The Eastern Carpenter Bee

Many insect taxa produce communicatory vibrations and sounds Hunt & Richard, 2013). One such vibroacoustic taxon are Xylocopa species (Hymenoptera: Apidae). Xylocopa species occur throughout the world (Hurd & Moure, 1963). Amongst Xylocopa species, there is a spectrum of social behaviors. Xylocopa species demonstrate facultative sociality, a plastic behavioral phenotype (Shell & Rehan, 2018), where individual bees may nest in solitary or shared galleries. Facultatively social nesting is a plastic, phenotypic behavioral spectrum; these behaviors do not fall into categories. An individual female bee may, for example, nest in solitary for one breeding season and may nest in a shared gallery in the subsequent breeding season. Facultative sociality therefore differs from solitary and eusocial categories of nesting behavior, where solitary behaviors and eusocial behaviors represent opposing extremes of the facultatively social behavior spectrum. Whether a bee chooses to construct a solitary gallery or chooses to live in a shared gallery depends on environmental factors.

Native to eastern North America, the eastern carpenter bee, Xylocopa virginica, is one such facultatively social species. Female eastern carpenter bees drill into exposed wood and construct a gallery nest early in the spring. X. virginica is a univoltine species, producing a single brood of offspring in the gallery annually (Prager, 2008). Gerling and Hermann (1978) recorded females rearing 8-9 bees per nest in a single season. Egg-laying female conspecifics may construct solitary nesting galleries or, if they are closer to eusociality on the facultatively social spectrum, construct individual nests within a gallery. Within the gallery, X. virginica is a mass provisioning species, where the female creates pollen masses, upon which eggs are laid (Prager, 2008). The female X. virginica then uses wood shavings to seal its egg and pollen mass inside of its own cell in the gallery. The female will repeat this behavior until there are several egg and pollen mass containing cells adjacent to each other in the gallery. A larva consumes its pollen mass as an energy source.

In non-solitary nesting galleries, some females are helpers, and generally do not lay eggs. Helper females increase the fitness of egg-laying females by assisting with the brood. Helper females may gain a fitness benefit in their second breeding season because they will often inherit the nesting gallery and reproduce, after the prior reproducing females have died (Prager, 2008).

X. virginica males demonstrate distinct behavior from X. virginica females.

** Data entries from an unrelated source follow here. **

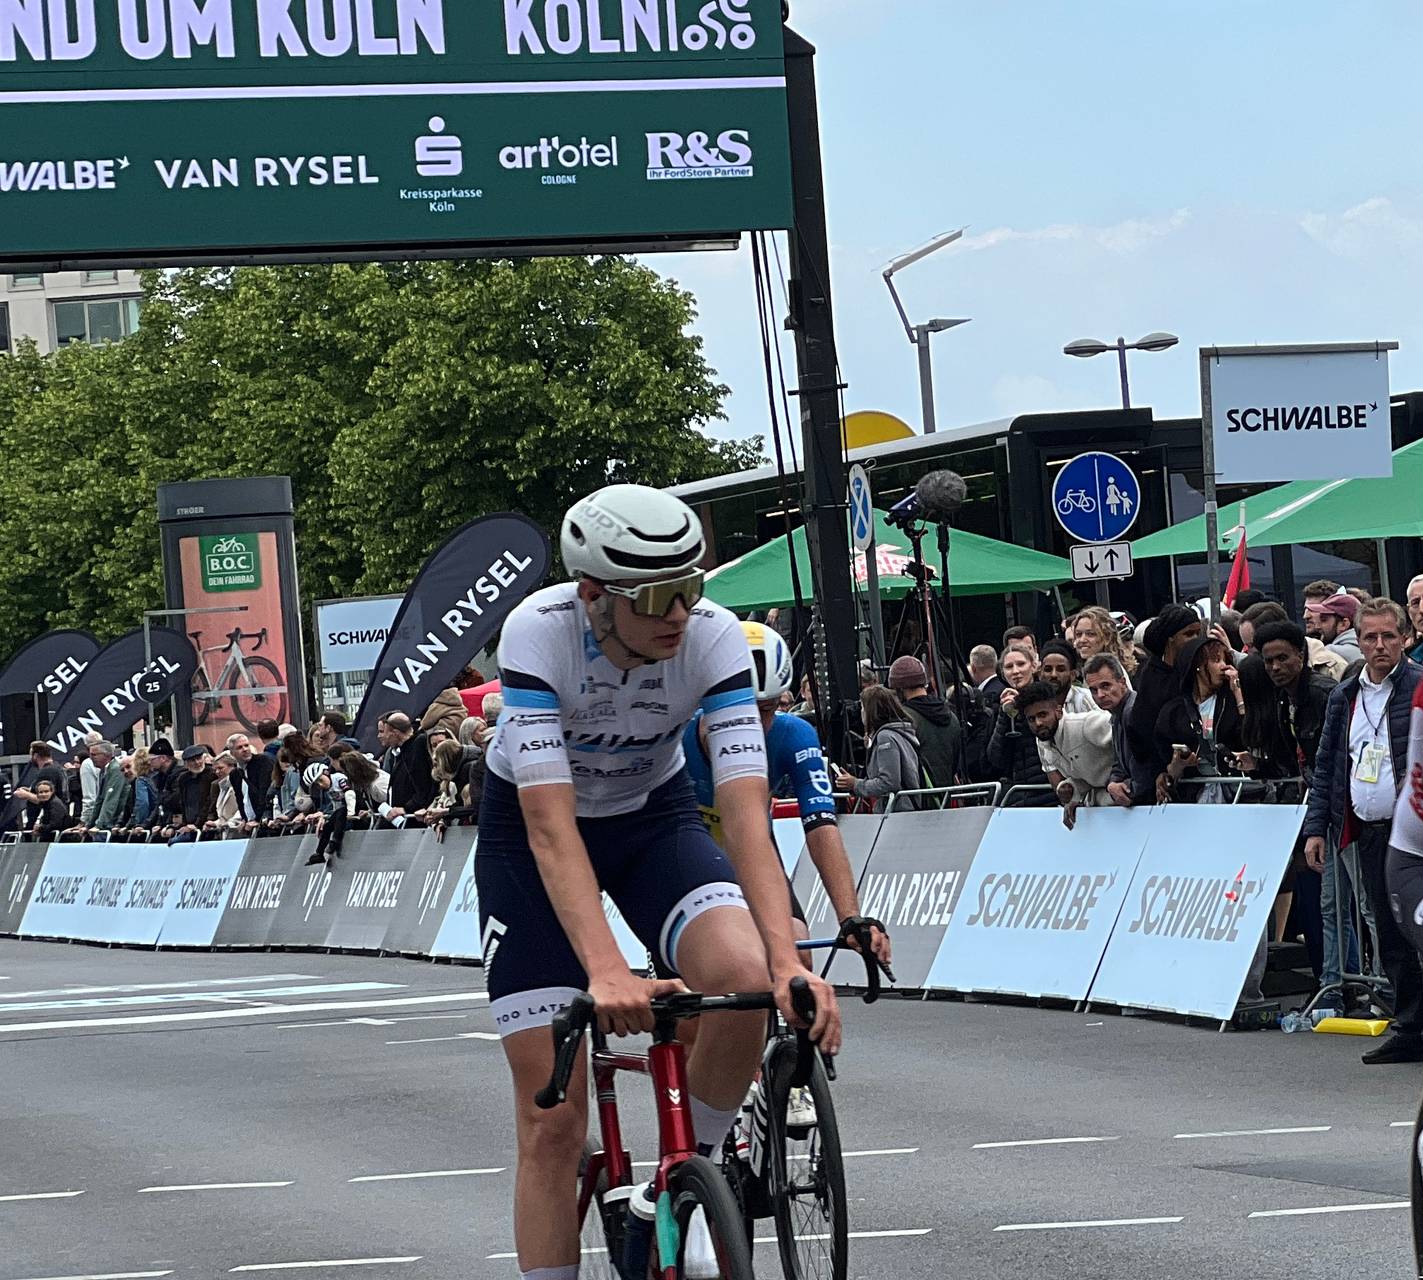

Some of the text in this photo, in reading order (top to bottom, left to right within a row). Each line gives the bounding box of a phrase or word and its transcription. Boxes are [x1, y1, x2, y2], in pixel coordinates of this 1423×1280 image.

[646, 129, 752, 168] R&S
[155, 155, 379, 189] VAN RYSEL
[541, 174, 577, 185] COLOGNE
[714, 167, 750, 178] Partner
[399, 187, 483, 201] Kreissparkasse
[429, 201, 456, 212] Köln
[1226, 404, 1368, 433] SCHWALBE
[208, 577, 224, 586] DEIN
[382, 550, 533, 694] VAN RYSEL
[36, 656, 89, 695] SEL
[145, 681, 161, 693] 25
[46, 708, 104, 754] VAN
[230, 876, 258, 909] VAN
[346, 872, 373, 908] VAN
[860, 870, 960, 926] VAN RYSEL
[966, 873, 1107, 931] SCHWALBE
[1128, 875, 1257, 942] SCHWALBE

Males and females emerge from overwintering at different times of the year, and females outnumber males (Prager, 2008). Males demonstrate territoriality, where larger, more aggressive males generally spend the majority of their time hovering near a gallery entrance, while smaller, less aggressive males spend the majority of their time around the periphery of the gallery or farther away (Barthell & Baird, 2004; Prager, 2008). When territory holding males fly away from a gallery entrance, smaller less aggressive males will assume a hovering position outside of the gallery entrance. Once the territory holding male returns, it will recapture control of its territory and expel the other males back to the periphery of the gallery or farther away (Prager, 2008). Territorial males have been shown to pursue intruders if the intruders are actively flying but they will not pursue motionless intruders (Gerling & Hermann, 1978). Males engage in polygyny, a mating system in which a male will mate with several females during a single breeding season. The majority of intrasexual interactions occur around the gallery entrance, where the largest, most aggressive males’ mate disproportionately more frequently than smaller, less aggressive males (Barthell & Baird, 2004).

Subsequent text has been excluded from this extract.